Irritation simmered below my surface, threatening to erupt. “I said no. I don’t want your scars on me for the rest of my life.”
“Jesus Christ.” He ripped his gaze away from me and glared at the wall. “I know you’re unhappy, but this isn’t the time to start acting like a child.” I gasped, wounded by his child comment, but he wasn’t finished. “This is serious. Do you understand that? The recovery for laparoscopy is two weeks. Four incisions, most about half an inch long. If you wait and your appendix ruptures? Everything changes.”
He set his hands wide on my bedrail, leaned over, and hung his head. “I’d have to open your abdomen and remove all the toxic bacteria inside from the rupture. That scar would be eight, maybe nine inches, and your recovery would be measured in months. Months, Cassidy.” He lifted his head and gave me a piercing stare. “You don’t get to pick your doctor then, because at that point, it’s a race to the OR to save your life.”
Tears welled in my eyes, but I blinked them back.
He took a hand off the bed, scooped it behind my neck, and brought our faces together, his warm forehead pressed to mine. “I don’t want your life in my hands. Don’t make me do that kind of surgery.”
He didn’t want my life in his hands, but in that moment, I realized it was already too late for my heart. I closed my eyes and unleashed a tear, which he used his thumb to brush away.

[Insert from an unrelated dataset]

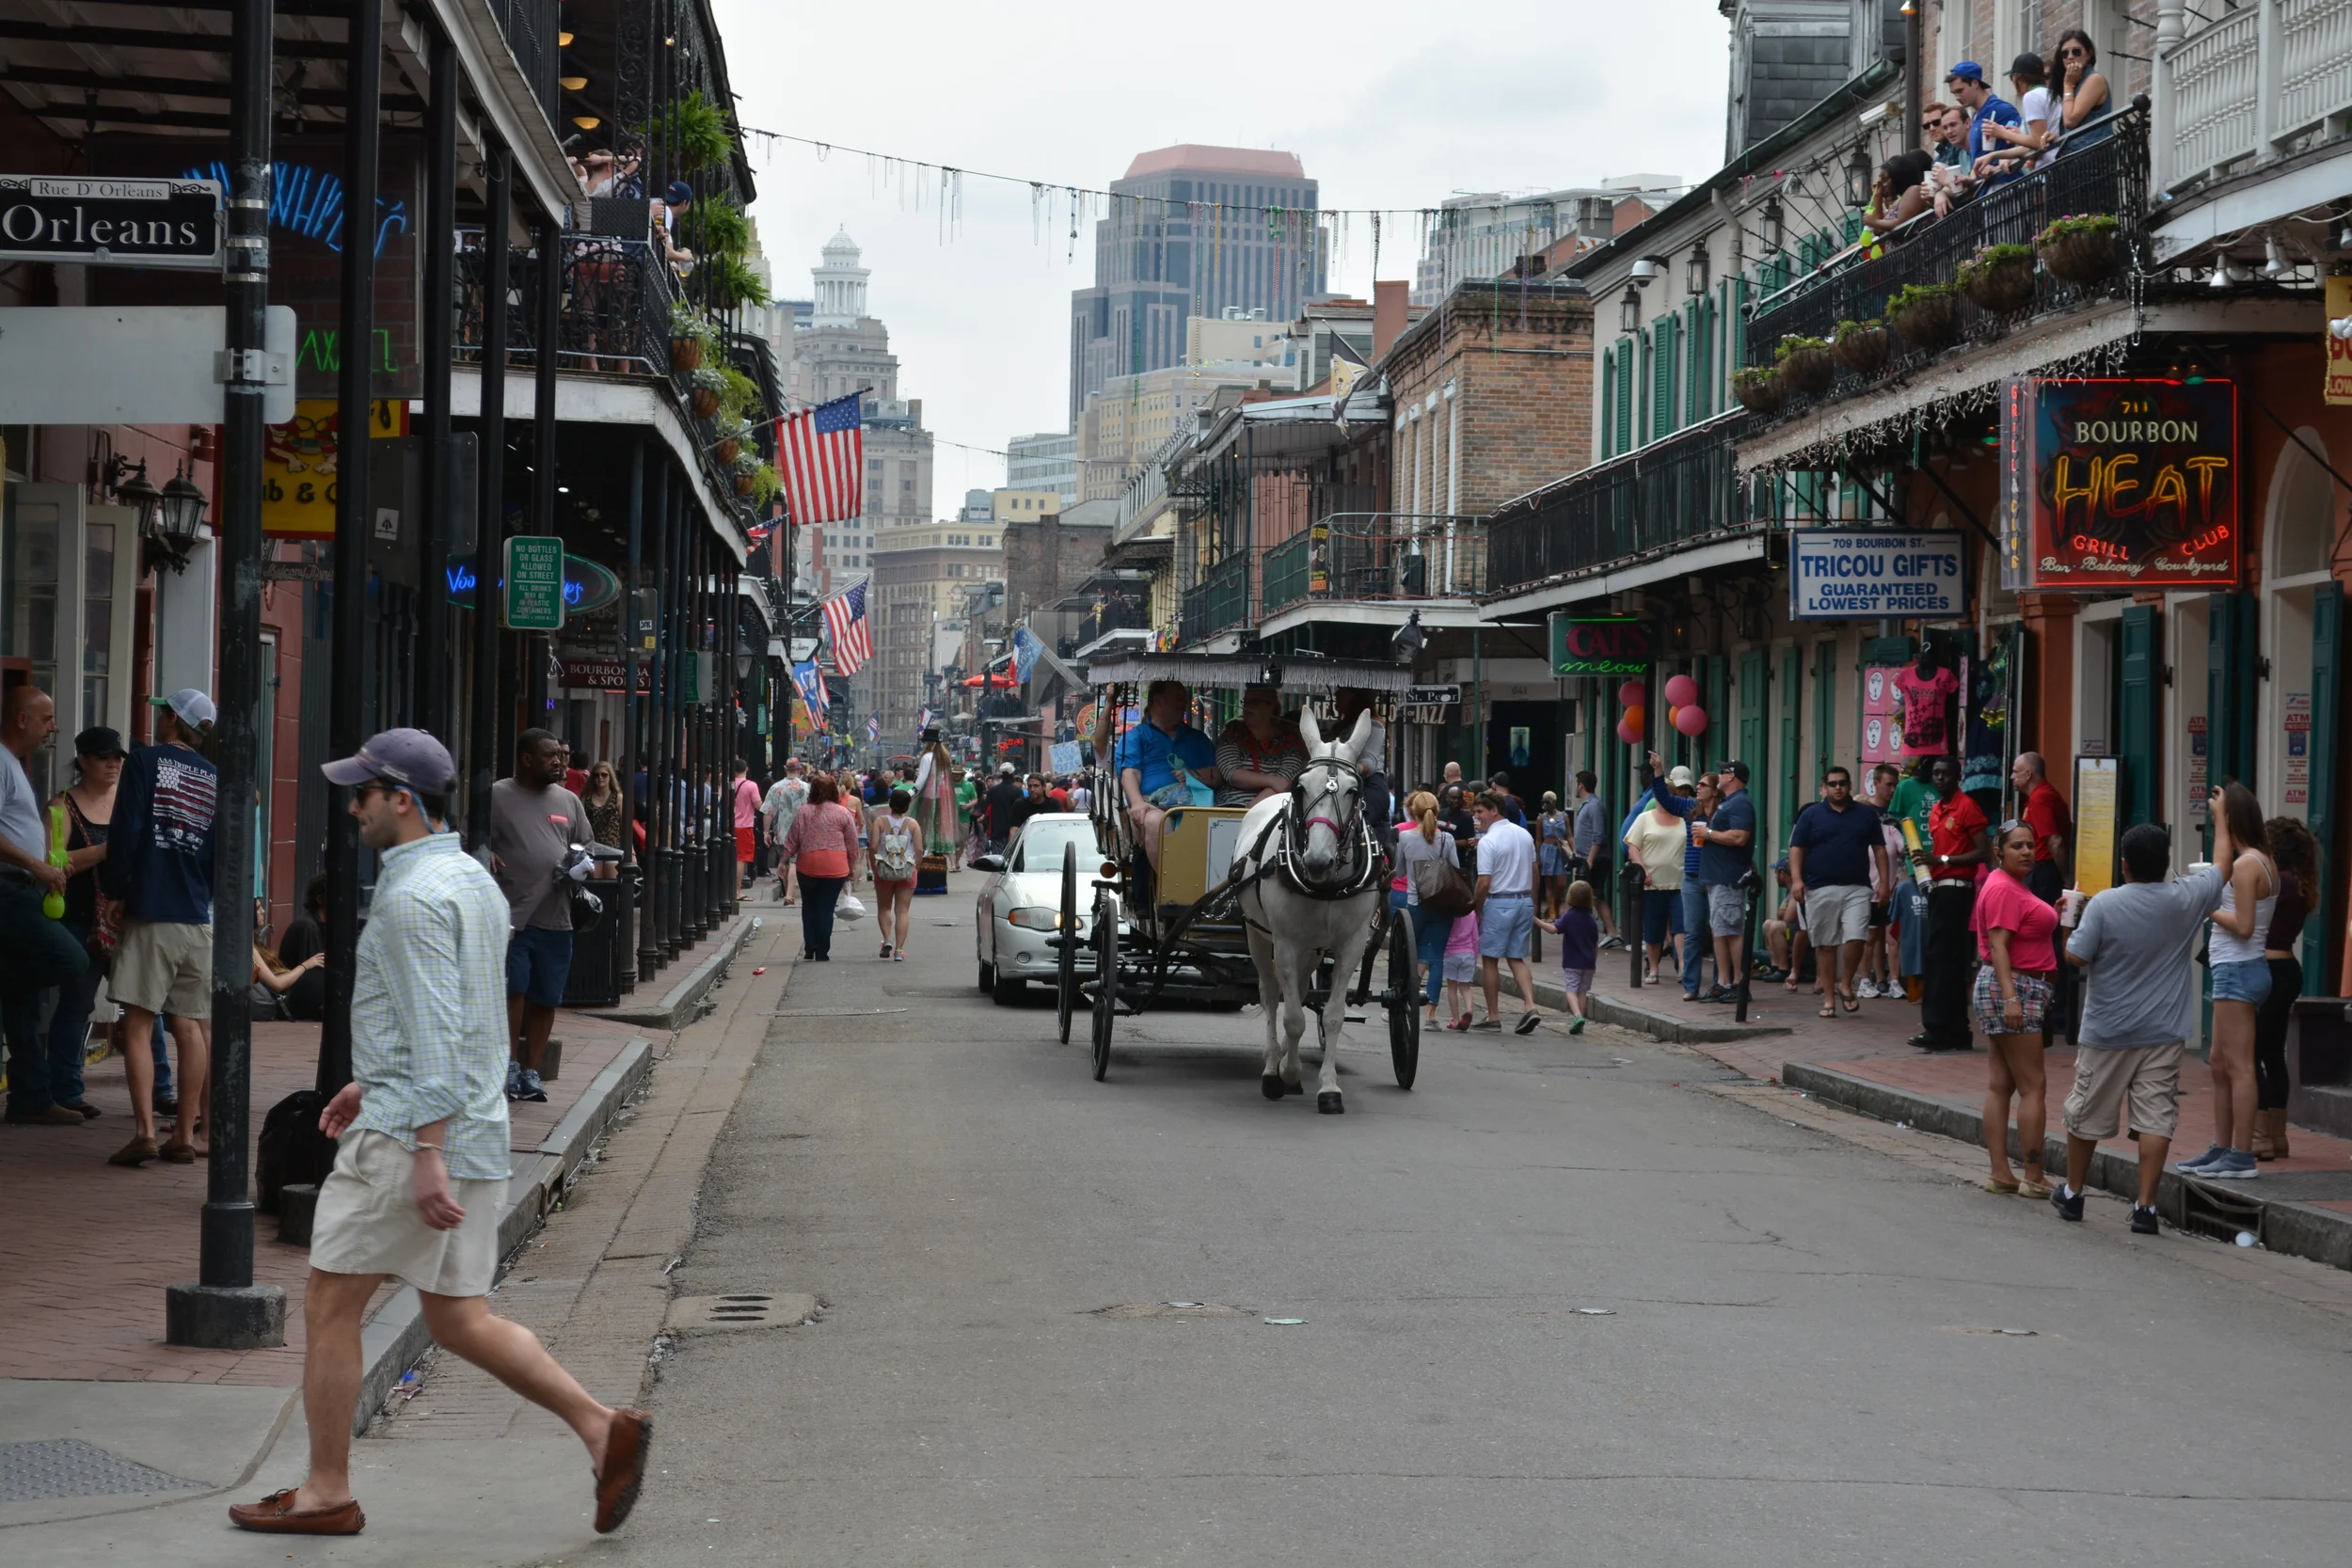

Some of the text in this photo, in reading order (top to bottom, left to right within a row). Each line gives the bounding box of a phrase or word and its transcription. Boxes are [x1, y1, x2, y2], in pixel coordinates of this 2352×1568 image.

“I understand,” his voice fell to a hush, “I’m not your first choice. I wasn’t for a long time. But today, I’m your only choice.”
The realization hit me with a physical impact, and I jolted in Greg’s hold. He’d hinted more than once he’d had feelings for me while I was with Preston. In fact, he’d told me, but I’d brushed the statements off.
Had he felt like he was my second choice this whole time? Because he wasn’t.
“I . . .” I started, speaking before I had my thoughts.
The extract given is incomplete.